Not far from the neighborhood where I grew up, a police officer was shot and killed serving a warrant yesterday morning.
The day before yesterday, a former employee of a northern Florida trucking company, went on a shooting rampage before turning the gun on himself. Last night, farther south in Florida, police shot it out with a murder suspect as they were trying to arrest him for an Aug. 11 shooting murder, and a hotel guest was shot. Also yesterday, a woman at Faulkner University in Alabama was shot on campus at around noon, in what police are calling a “possible domestic violence” situation.
Last week, a baseball player from Australia was shot and killed by a few teenagers who claimed they were just “bored.”
Late last year, a man was able to get hold of his mother’s AR-15, and shoot up Sandy Hook Elementary School in Connecticut, killing 26, including 20 under the age of 8.
Earlier last year, a man went into the back door of a dark movie theater in Aurora, Colorado, decked head to toe in Kevlar, and shot people pretty much at will.
Every single day, about 316 people are shot by a gun, with 83 of those dying as a result. That’s each and every day. Now, no one expects that to ever go to zero. But it should certainly be a goal, don’t you think? The other day, the government set new standards for workers’ exposure to silica dust, with the aim of saving 700 lives per year. If we can stop even five percent of those who are shot every year, that’s 5,000 shootings, and 1,500 deaths every single year. Why would we not want to do that? And frankly, we can do a lot better than five percent.
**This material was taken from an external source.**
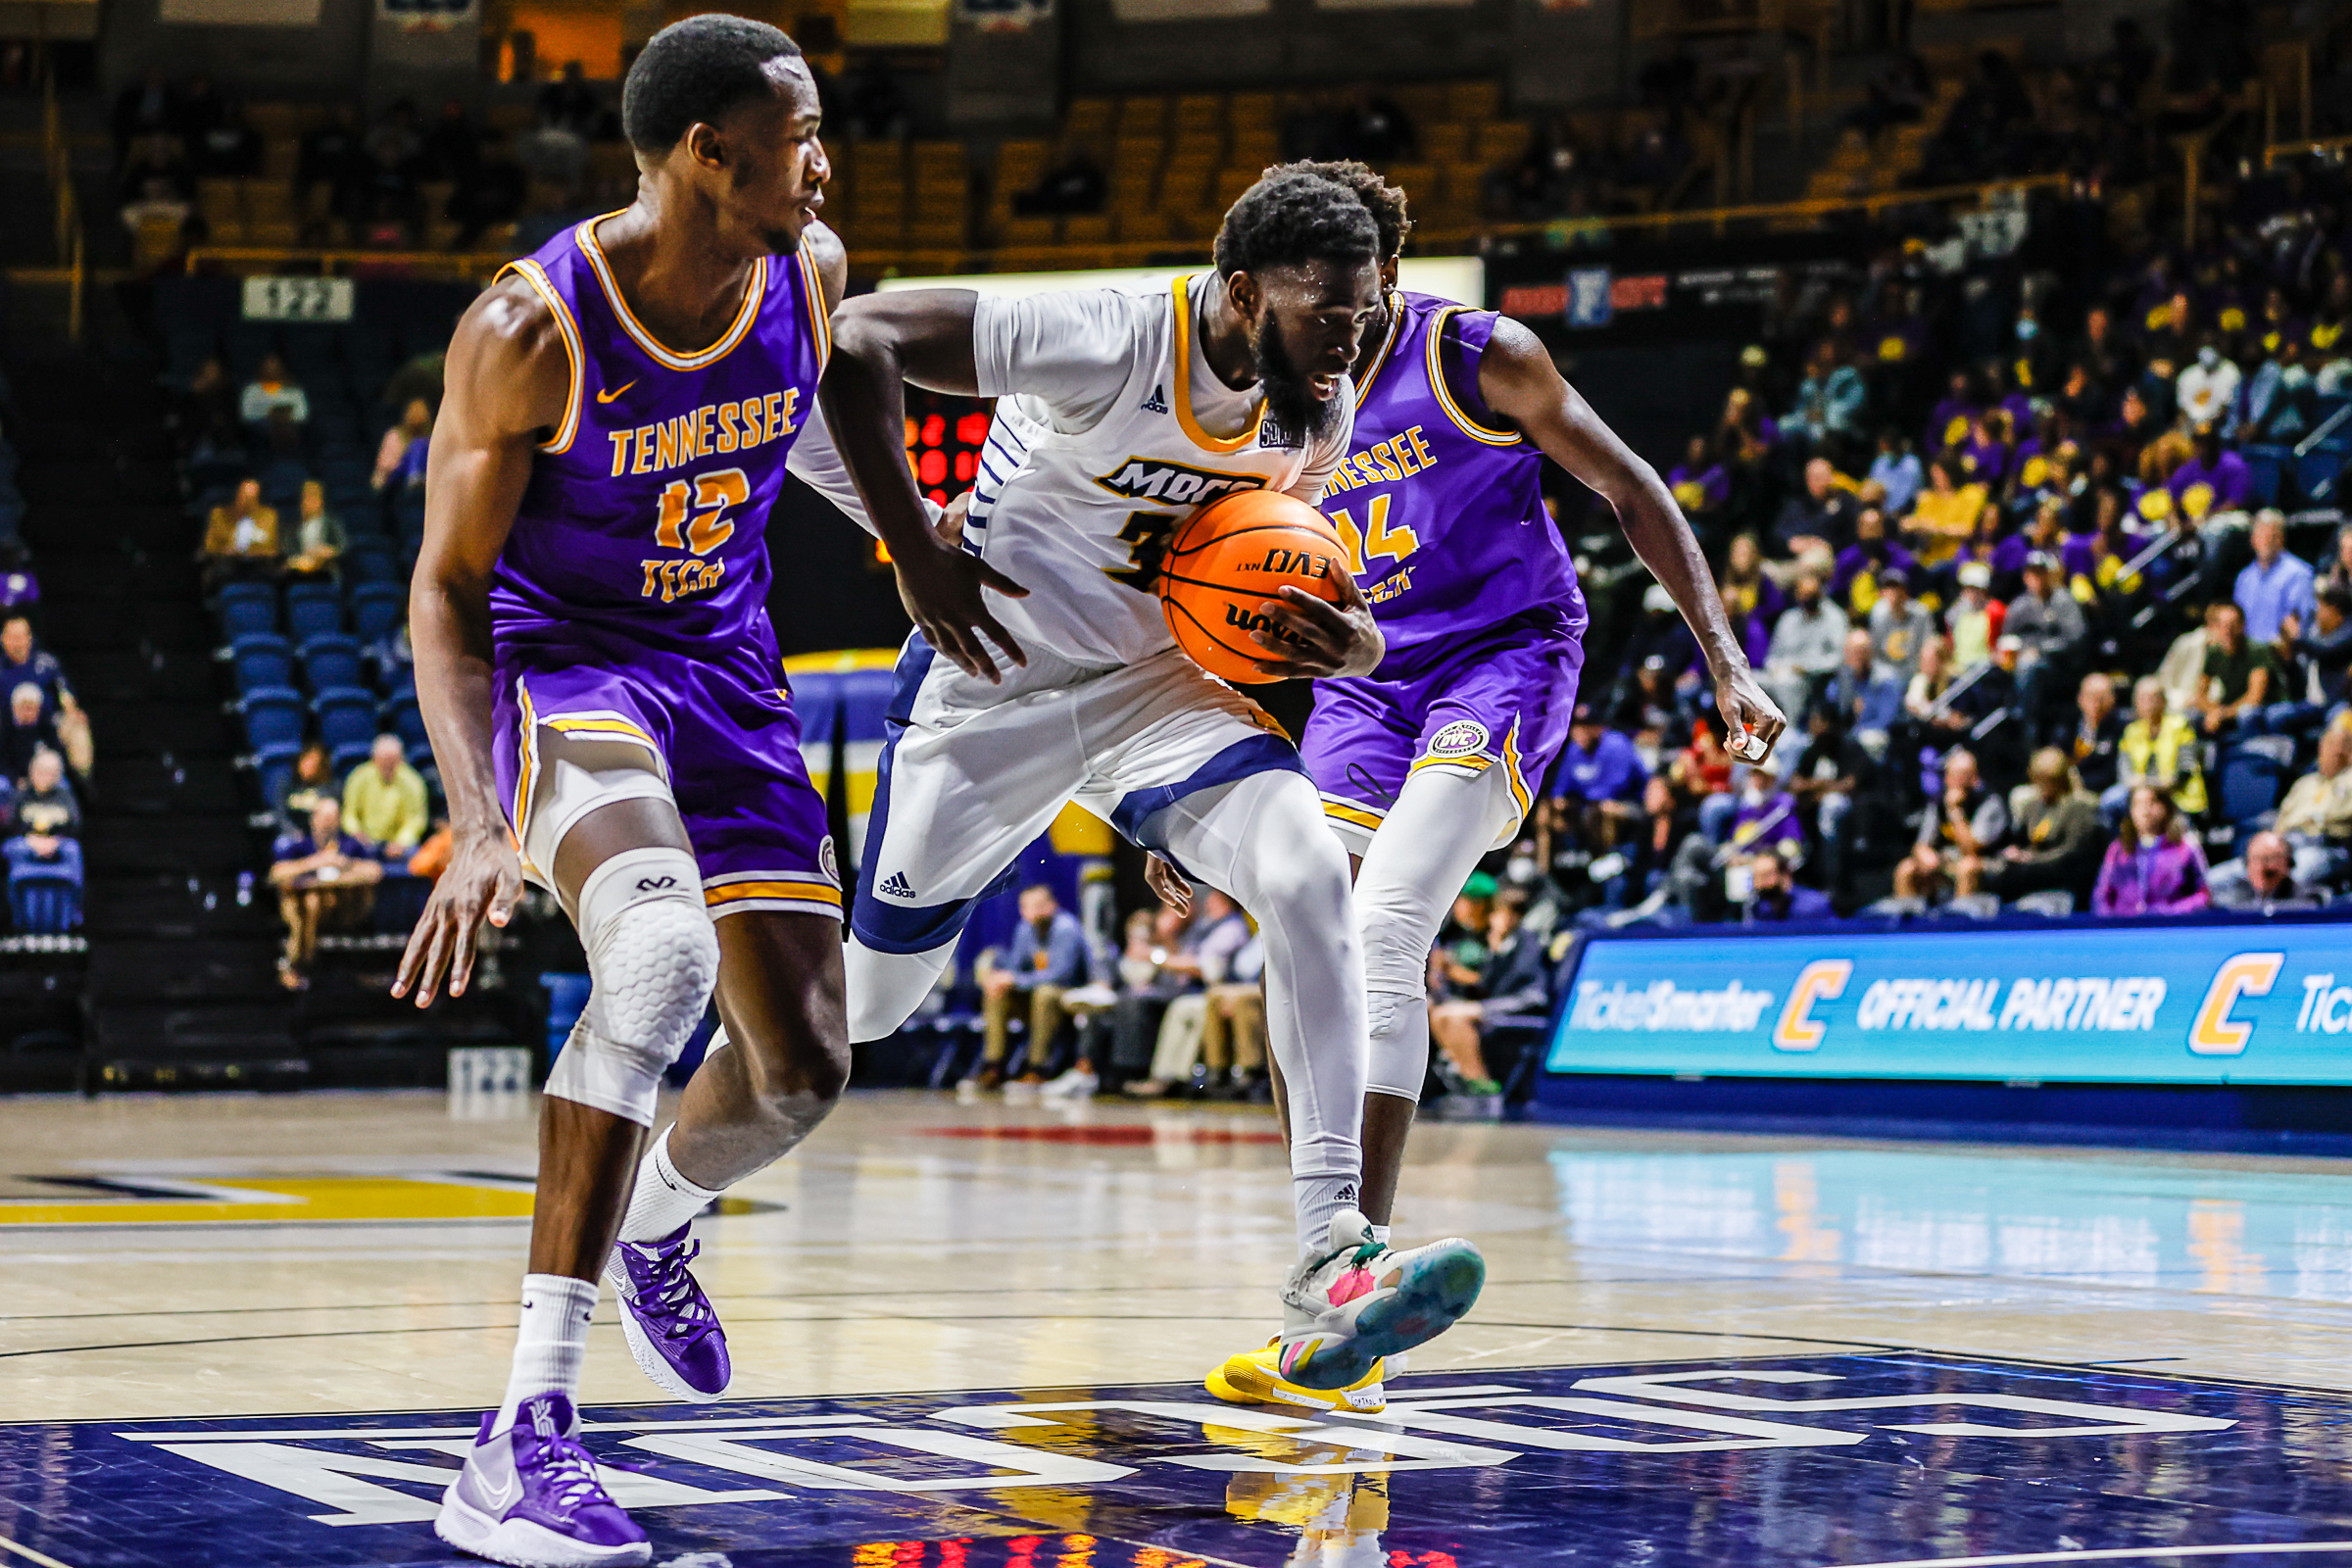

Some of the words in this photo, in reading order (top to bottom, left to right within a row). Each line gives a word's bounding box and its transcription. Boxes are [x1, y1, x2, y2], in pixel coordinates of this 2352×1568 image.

The problem we have is actually quite easy to solve.
The Sandy Hook shooter was able to get hold of his mother’s gun and enough ammo to do some serious damage, without any problem at all. The Aurora shooter was able to buy dozens of guns and thousands of rounds without so much as a background check. The little jerk who shot Gabby Giffords and many others needed a doctor’s clearance to return to class at Pima Community College, but when he tried to purchase the gun he used to massacre those people, and the shop did the instant background check, he was cleared.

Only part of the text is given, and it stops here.